Bluebird CSA

Friday, November 29, 2013

A moment to slow down

Hello all,

We hope you had a wonderful Thanksgiving.  Thanksgiving is always a good time to remember the importance of family, friends, and gratitude for life.  As the season shifts from the busy growing season on the farm we are able to slow down just a little bit.  It’s a season to take a deep breath and take time to actually reflect on the year.  As we look back we also gather ourselves for the next cycle of seasons. 

Tazzy the guard dog watches over her sheep

If you are half as full as I am, and your fridge looks like ours, full of leftovers you probably don’t have grocery shopping on your mind.  We have decided to take a Saturday off this Saturday the 30th.  The first free Saturday since April! So we won’t see you tomorrow. 
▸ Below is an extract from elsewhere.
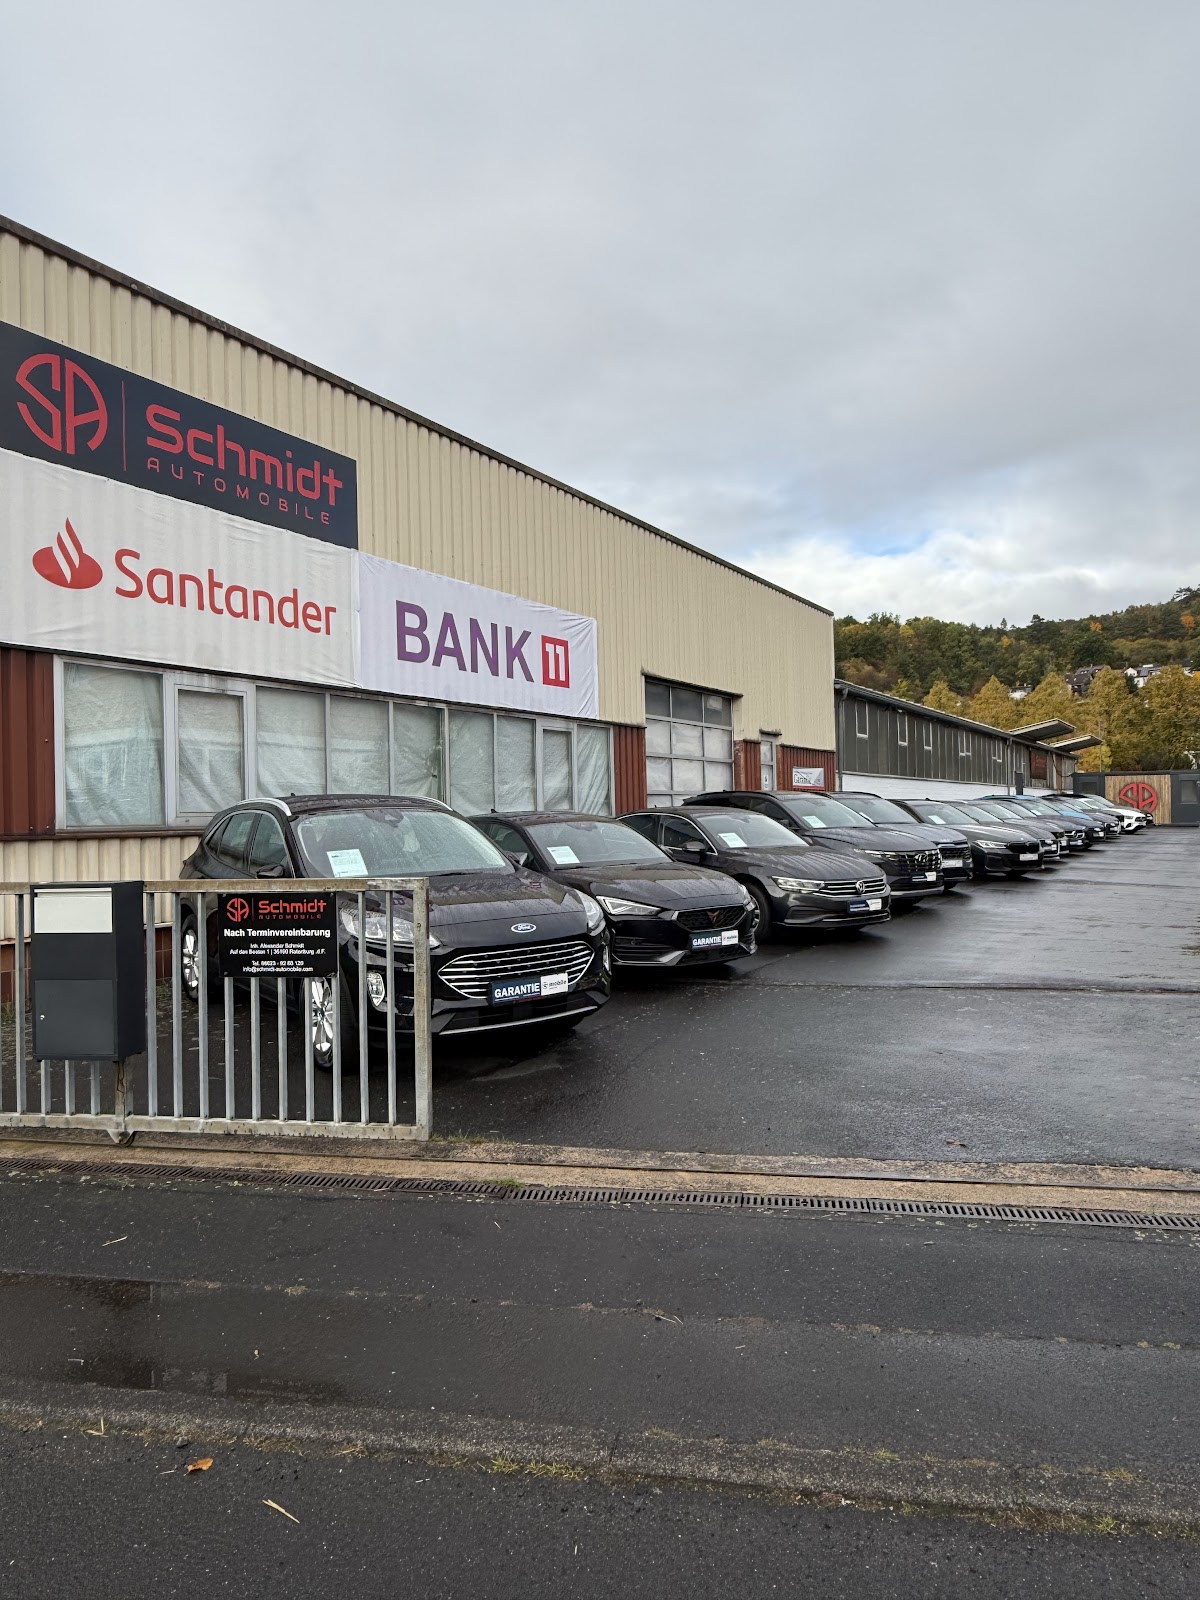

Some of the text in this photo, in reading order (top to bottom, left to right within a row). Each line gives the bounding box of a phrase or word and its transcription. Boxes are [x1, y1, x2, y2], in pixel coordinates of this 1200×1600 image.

But don’t worry, we’ll be back in Charlotte on December 7th, 14th, and 21st

Come see us next week for winter vegetables like carrots and cabbage and of course delicious pasture raised, organic fed, GMO free meats: Pork, lamb, chicken and beef.

We now have a full selection of beef!  Ground beef, stew beef, roasts, and steaks.  Come out to get you pastured beef December 7th 8-noon! 


Carolina Wren Photo

We make time to look up from the daily chore list and the weekly schedule and see the farm and mountains around us.  We can walk with our eyes off the ground and see the trees.  Without their leaves, the trees form intricate patterns against the sky.  On a steep slope in the mountains all the trees form slender straight lines for the low winter sun to play tricks with shadows in.  The cacophony of summer insect sounds has ceased.  In its place there is the wind.  The wind roars in the distance, whistles close by, rattles leaves, brings the creaks and squeaks out of the trees.  On still days in the cold clear air you can still hear the winter birds; carolina wrens, cardinals, robins, and others.  We have a few visitors that only appear in the winter.  A funny woodpecker called the yellow bellied sapsucker spends its winters here, sheltered from the even colder winters of the northeast.  When the weather really turns for the worst the juncos come down from the high mountains and flit in and out of the bushes on the farm.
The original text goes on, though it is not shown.